## WORK REQUIRED
Return each of the entries below precisely, with no pictures in the result.

## DATA
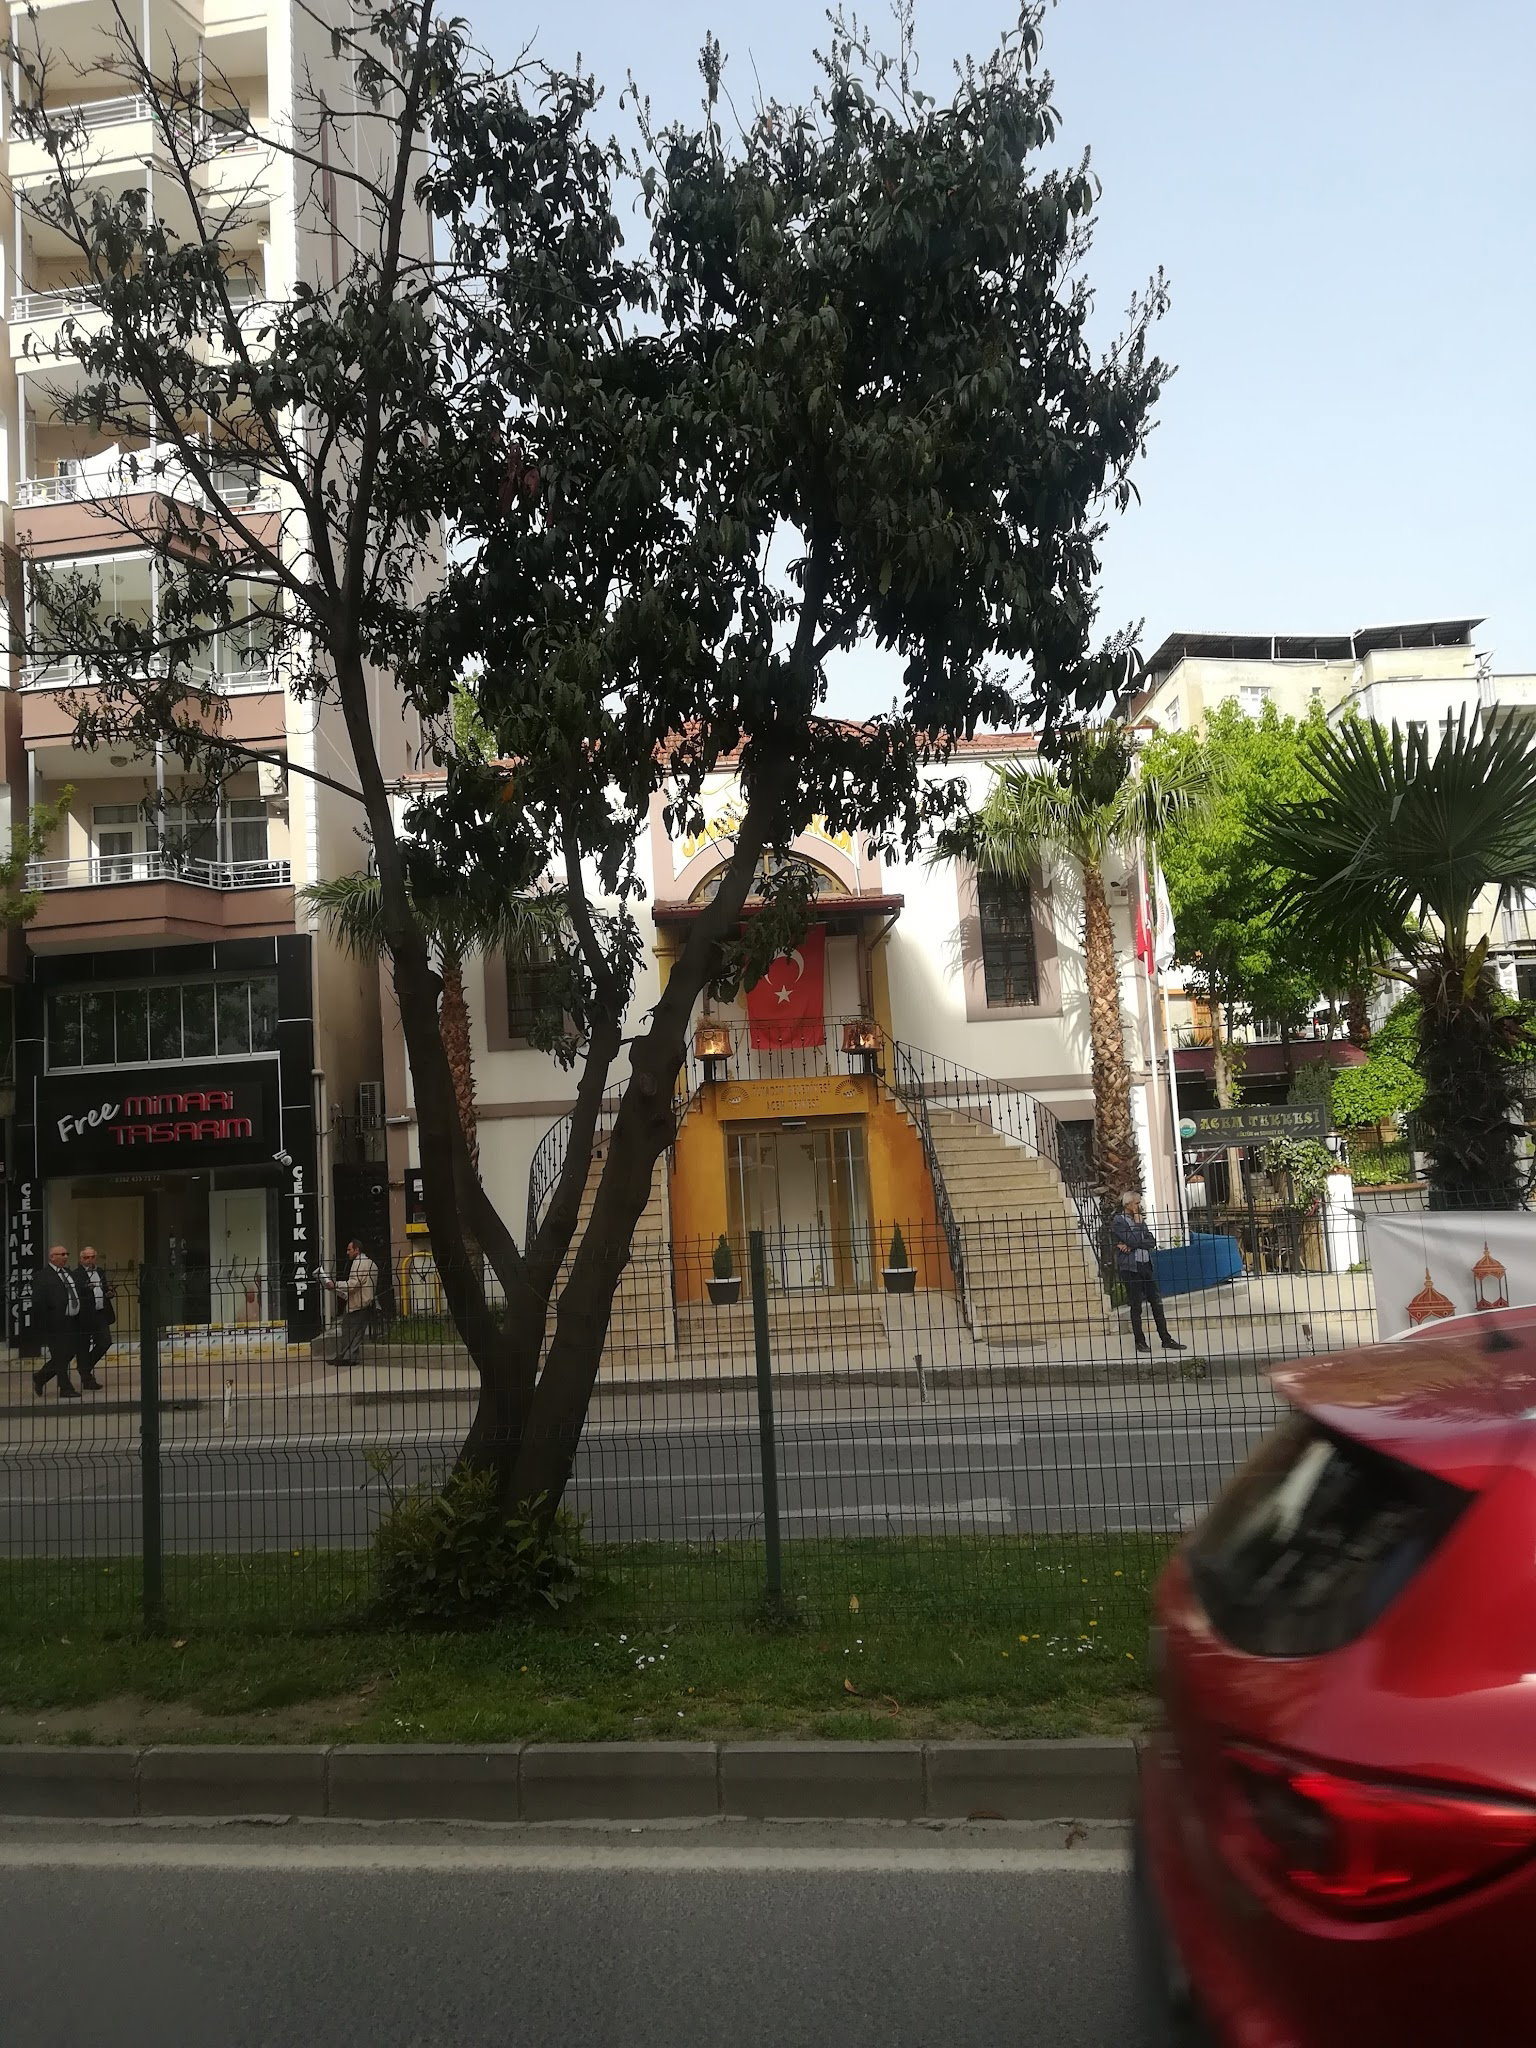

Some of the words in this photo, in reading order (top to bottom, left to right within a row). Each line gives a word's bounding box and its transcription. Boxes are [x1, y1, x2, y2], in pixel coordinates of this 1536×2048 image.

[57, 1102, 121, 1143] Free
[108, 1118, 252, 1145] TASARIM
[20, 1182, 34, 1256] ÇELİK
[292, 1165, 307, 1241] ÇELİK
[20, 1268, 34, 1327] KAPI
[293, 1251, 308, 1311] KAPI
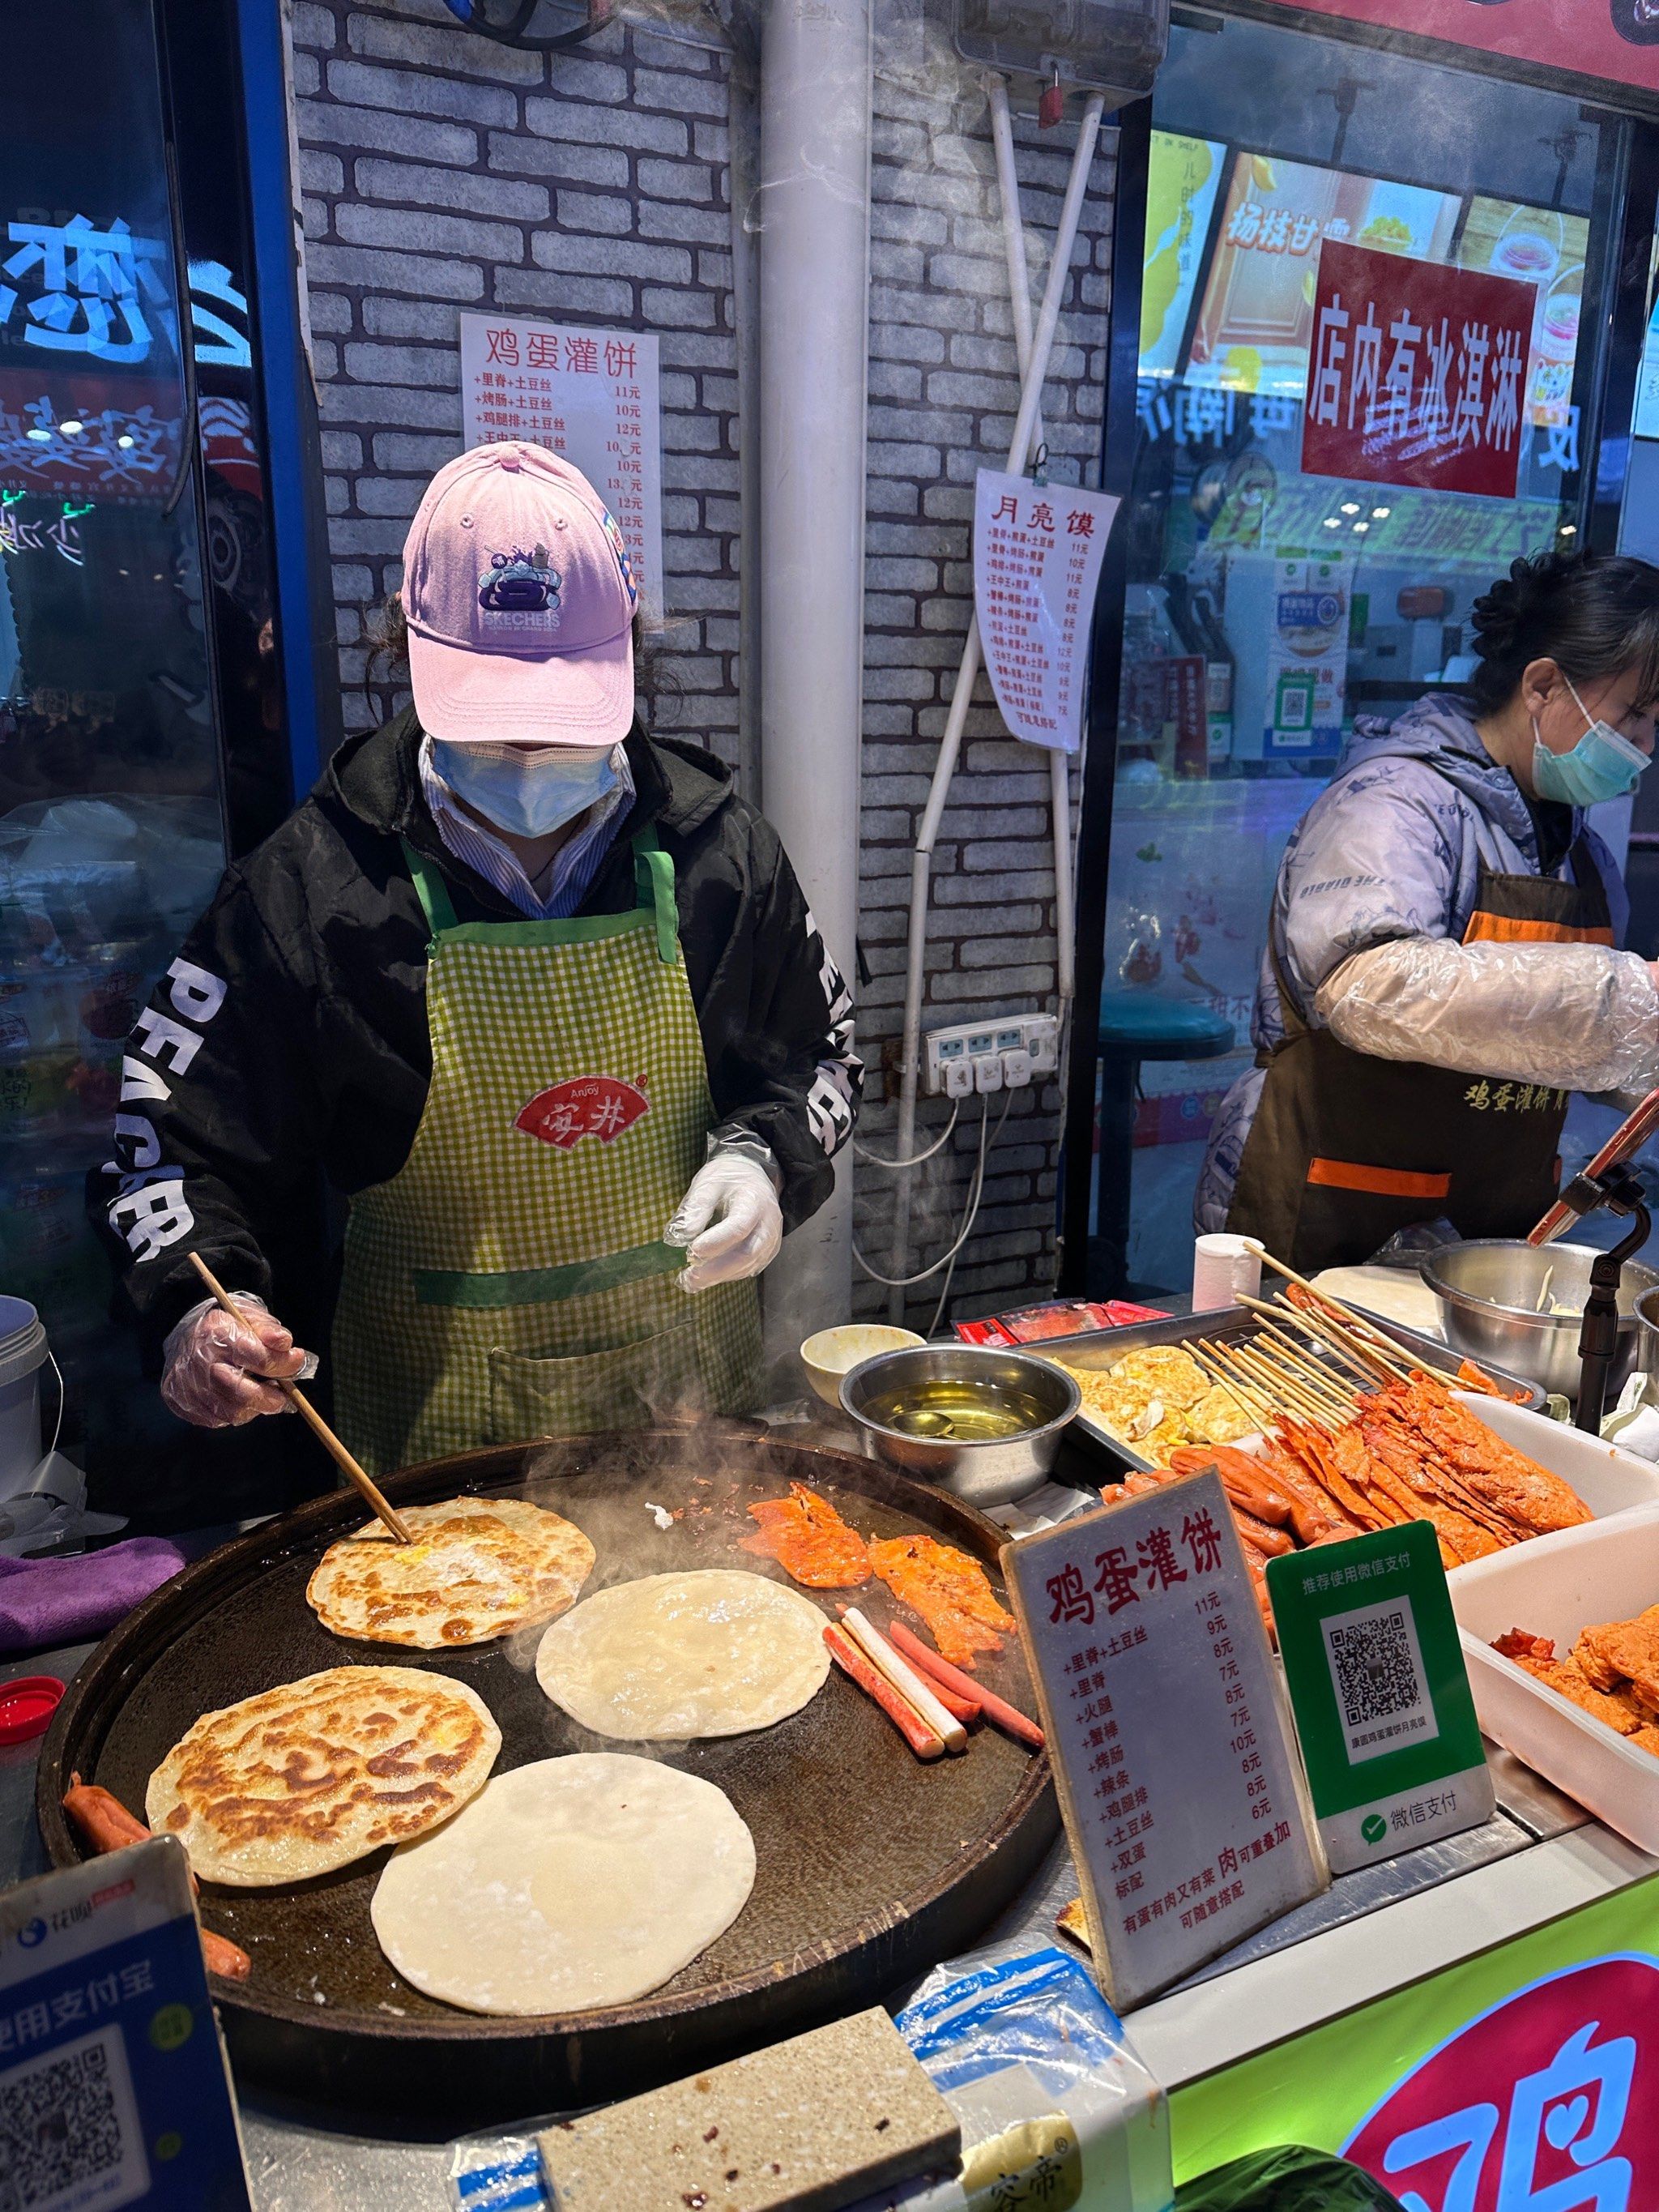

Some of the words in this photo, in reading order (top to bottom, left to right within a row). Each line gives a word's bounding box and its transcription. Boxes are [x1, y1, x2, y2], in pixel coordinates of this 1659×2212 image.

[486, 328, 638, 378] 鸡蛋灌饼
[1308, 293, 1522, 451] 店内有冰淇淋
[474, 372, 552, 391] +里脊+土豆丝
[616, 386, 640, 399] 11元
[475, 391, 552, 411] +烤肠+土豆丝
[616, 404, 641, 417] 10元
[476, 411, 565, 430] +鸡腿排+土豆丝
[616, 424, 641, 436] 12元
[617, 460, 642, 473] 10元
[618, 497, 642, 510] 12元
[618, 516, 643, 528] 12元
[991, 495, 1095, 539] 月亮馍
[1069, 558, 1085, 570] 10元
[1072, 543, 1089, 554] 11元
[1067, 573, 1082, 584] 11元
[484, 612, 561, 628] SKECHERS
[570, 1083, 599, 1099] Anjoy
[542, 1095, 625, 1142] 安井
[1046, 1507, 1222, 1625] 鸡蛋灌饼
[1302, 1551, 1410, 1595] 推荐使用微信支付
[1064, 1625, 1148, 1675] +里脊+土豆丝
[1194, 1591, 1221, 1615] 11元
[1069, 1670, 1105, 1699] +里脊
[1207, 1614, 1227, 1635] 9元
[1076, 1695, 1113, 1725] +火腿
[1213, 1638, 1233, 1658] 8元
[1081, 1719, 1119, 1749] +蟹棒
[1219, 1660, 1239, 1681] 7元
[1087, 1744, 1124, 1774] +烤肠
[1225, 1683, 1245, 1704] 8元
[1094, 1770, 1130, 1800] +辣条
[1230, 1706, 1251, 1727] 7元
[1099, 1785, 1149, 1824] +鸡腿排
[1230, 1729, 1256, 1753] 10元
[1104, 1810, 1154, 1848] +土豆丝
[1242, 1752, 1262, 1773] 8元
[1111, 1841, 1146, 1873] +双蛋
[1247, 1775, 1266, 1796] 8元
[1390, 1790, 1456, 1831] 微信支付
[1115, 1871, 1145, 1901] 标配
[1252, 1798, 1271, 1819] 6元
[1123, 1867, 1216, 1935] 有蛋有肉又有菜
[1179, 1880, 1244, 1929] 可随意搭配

## REPLY
Some of the words in this photo, in reading order (top to bottom, left to right within a row). Each line gives a word's bounding box and its transcription. Boxes are [x1, y1, x2, y2], in pixel coordinates of this 1536×2048 image.

[57, 1102, 121, 1143] Free
[108, 1118, 252, 1145] TASARIM
[20, 1182, 34, 1256] ÇELİK
[292, 1165, 307, 1241] ÇELİK
[20, 1268, 34, 1327] KAPI
[293, 1251, 308, 1311] KAPI

Some of the words in this photo, in reading order (top to bottom, left to right within a row). Each line gives a word's bounding box and its transcription. Boxes are [x1, y1, x2, y2], in pixel coordinates of this 1659×2212 image.

[486, 328, 638, 378] 鸡蛋灌饼
[1308, 293, 1522, 451] 店内有冰淇淋
[474, 372, 552, 391] +里脊+土豆丝
[616, 386, 640, 399] 11元
[475, 391, 552, 411] +烤肠+土豆丝
[616, 404, 641, 417] 10元
[476, 411, 565, 430] +鸡腿排+土豆丝
[616, 424, 641, 436] 12元
[617, 460, 642, 473] 10元
[618, 497, 642, 510] 12元
[618, 516, 643, 528] 12元
[991, 495, 1095, 539] 月亮馍
[1069, 558, 1085, 570] 10元
[1072, 543, 1089, 554] 11元
[1067, 573, 1082, 584] 11元
[484, 612, 561, 628] SKECHERS
[570, 1083, 599, 1099] Anjoy
[542, 1095, 625, 1142] 安井
[1046, 1507, 1222, 1625] 鸡蛋灌饼
[1302, 1551, 1410, 1595] 推荐使用微信支付
[1064, 1625, 1148, 1675] +里脊+土豆丝
[1194, 1591, 1221, 1615] 11元
[1069, 1670, 1105, 1699] +里脊
[1207, 1614, 1227, 1635] 9元
[1076, 1695, 1113, 1725] +火腿
[1213, 1638, 1233, 1658] 8元
[1081, 1719, 1119, 1749] +蟹棒
[1219, 1660, 1239, 1681] 7元
[1087, 1744, 1124, 1774] +烤肠
[1225, 1683, 1245, 1704] 8元
[1094, 1770, 1130, 1800] +辣条
[1230, 1706, 1251, 1727] 7元
[1099, 1785, 1149, 1824] +鸡腿排
[1230, 1729, 1256, 1753] 10元
[1104, 1810, 1154, 1848] +土豆丝
[1242, 1752, 1262, 1773] 8元
[1111, 1841, 1146, 1873] +双蛋
[1247, 1775, 1266, 1796] 8元
[1390, 1790, 1456, 1831] 微信支付
[1115, 1871, 1145, 1901] 标配
[1252, 1798, 1271, 1819] 6元
[1123, 1867, 1216, 1935] 有蛋有肉又有菜
[1179, 1880, 1244, 1929] 可随意搭配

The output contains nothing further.